Sleep affects everything from physical and mental performance to mood and weight control. But for something so key to your health and wellness, exactly how sleep works is still a mystery to many of us. Here’s what you need to know if getting more sleep or better sleep is your goal.

You’re not alone

Sixty million Americans persistently suffer from sleep deprivation. And 70% of U.S. adults experience enough daily stress to the point it disrupts their nightly sleep. So what’s going on?

It’s all about hormones

The body’s alternating cycle of sleeping and waking is directly related to the levels of two key hormones: melatonin and cortisol. Understanding how the levels of these two hormones fluctuate during the day, and how they relate to each other, is important for determining why you’re not sleeping well.

How melatonin levels can disrupt your sleep cycle

Your melatonin level directly impacts your sleep cycle because it induces and maintains normal sleep. Melatonin regulates the body’s internal biological clock. Melatonin is produced in the pineal gland, a pea-sized gland in the brain. During the day, the pineal gland is inactive, but when the sun goes down and it starts getting dark, the pineal is activated and begins to produce melatonin. Your melatonin level typically peaks around bedtime, it stays elevated throughout the night, and then it falls back to daytime levels in the morning when its production is “shut off” by daylight.

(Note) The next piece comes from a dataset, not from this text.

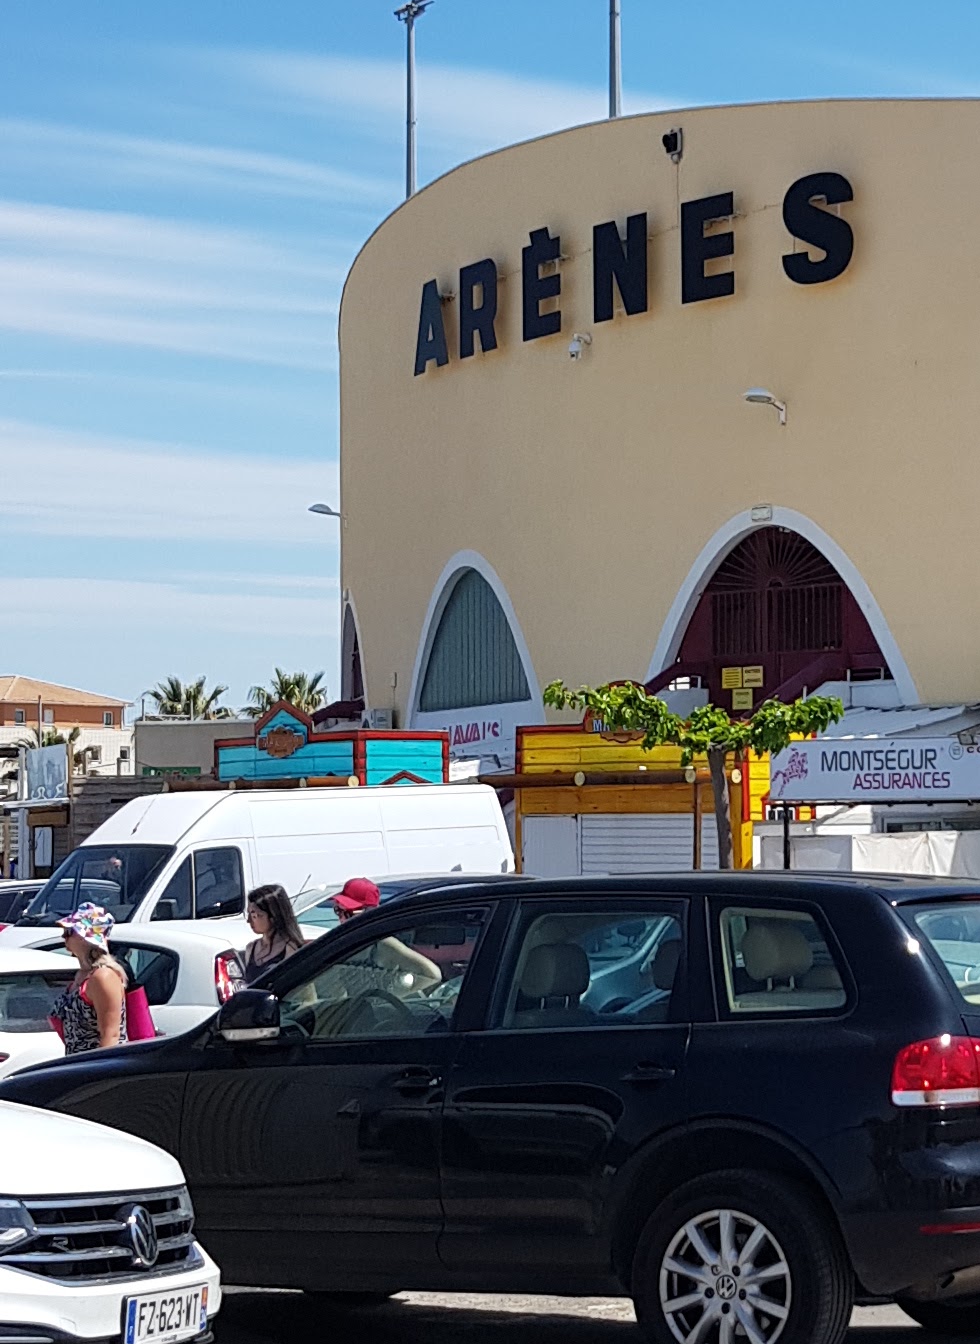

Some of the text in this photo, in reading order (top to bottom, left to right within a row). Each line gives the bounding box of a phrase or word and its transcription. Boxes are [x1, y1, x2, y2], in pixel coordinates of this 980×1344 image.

[414, 171, 855, 376] ARÈNES
[821, 742, 938, 771] MONTSÉGUR
[853, 772, 951, 790] ASSURANCES
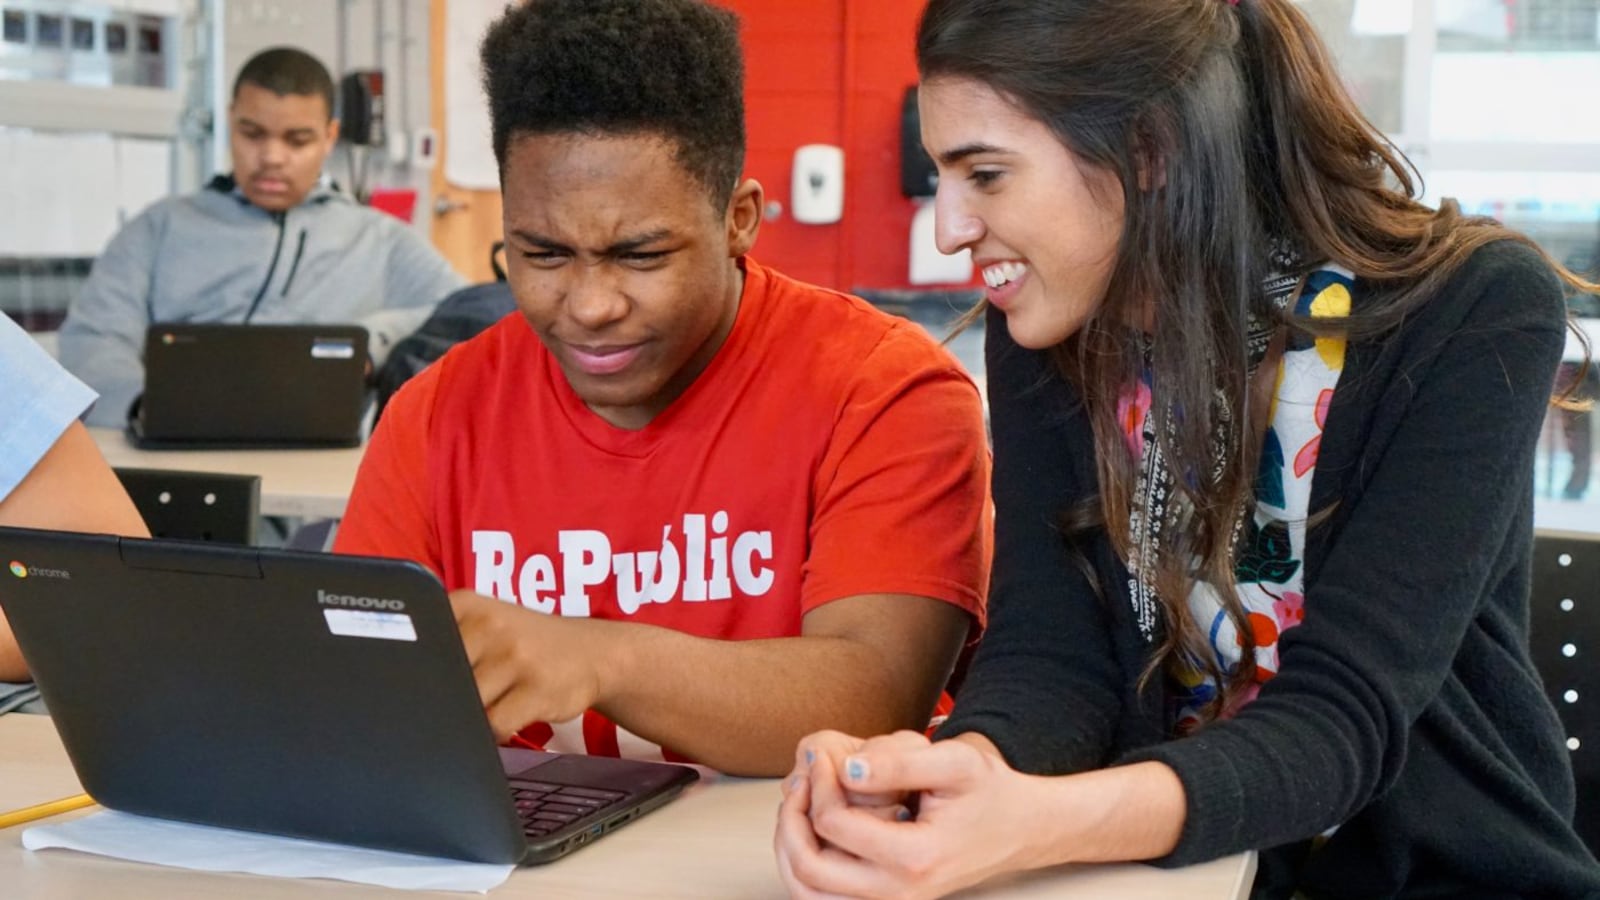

The feedback between your body and your environment is the primary way your body knows when it should be asleep or awake. So if melatonin does not increase properly at night or its production is disrupted by light or other factors, then you can experience difficulty falling asleep, or you wake up frequently during the night, and you suffer from fatigue and other symptoms of sleep deprivation during the day.

How cortisol levels can disrupt your sleep cycle

Cortisol is a stress hormone made in the adrenal glands. Cortisol has many roles in the body, but it has a special relationship to sleep, because it balances melatonin. Although your cortisol level follows a cycle that is opposite to melatonin, it’s also responsible for signaling your body to be awake and responsive. Normally, your cortisol level peaks 30-60 minutes after you wake up and then it fluctuates throughout the day. Your cortisol level should be lowest at night, when melatonin level is high. When you have a healthy level of cortisol, and it follows the typical fluctuation pattern, it helps wake you up in the morning, regulates energy and hunger, and modulates your normal response to physical and emotional stress throughout the day.

But your cortisol level can become unbalanced from chronic stress related to emotions, lifestyle, diet, health issues, overtraining, and other causes. There are abnormal patterns, but a frequent abnormal pattern is high cortisol in the evening, which results in wakefulness instead of sleepiness. In this case, you experience difficulty falling asleep and staying asleep, plus you might crave food and feel “tired but wired.”

Is it possible you have an issue with melatonin? Ask yourself these questions.

  • Do you have difficulty falling asleep at night?
  • Do you wake up frequently during the night?
  • Do you wake up too early in the morning?
  • Are you experiencing fatigue?
  • Are you feeling poorly rested?
  • Do you experience daytime tiredness or sleepiness?

Is it possible you have an issue with cortisol? Ask yourself these questions.

  • Do you have disrupted sleep?
  • Do you think your sleep is poor quality?
  • Do you frequently feel “tired but wired”?
  • Are you frequently anxious or stressed out?
  • Are you easily irritated?
  • Are you getting sick more frequently?
  • Do you have unexplained aches and pains?
  • Do you have digestive issues?
  • Do you have food cravings?
  • Are you gaining too much weight?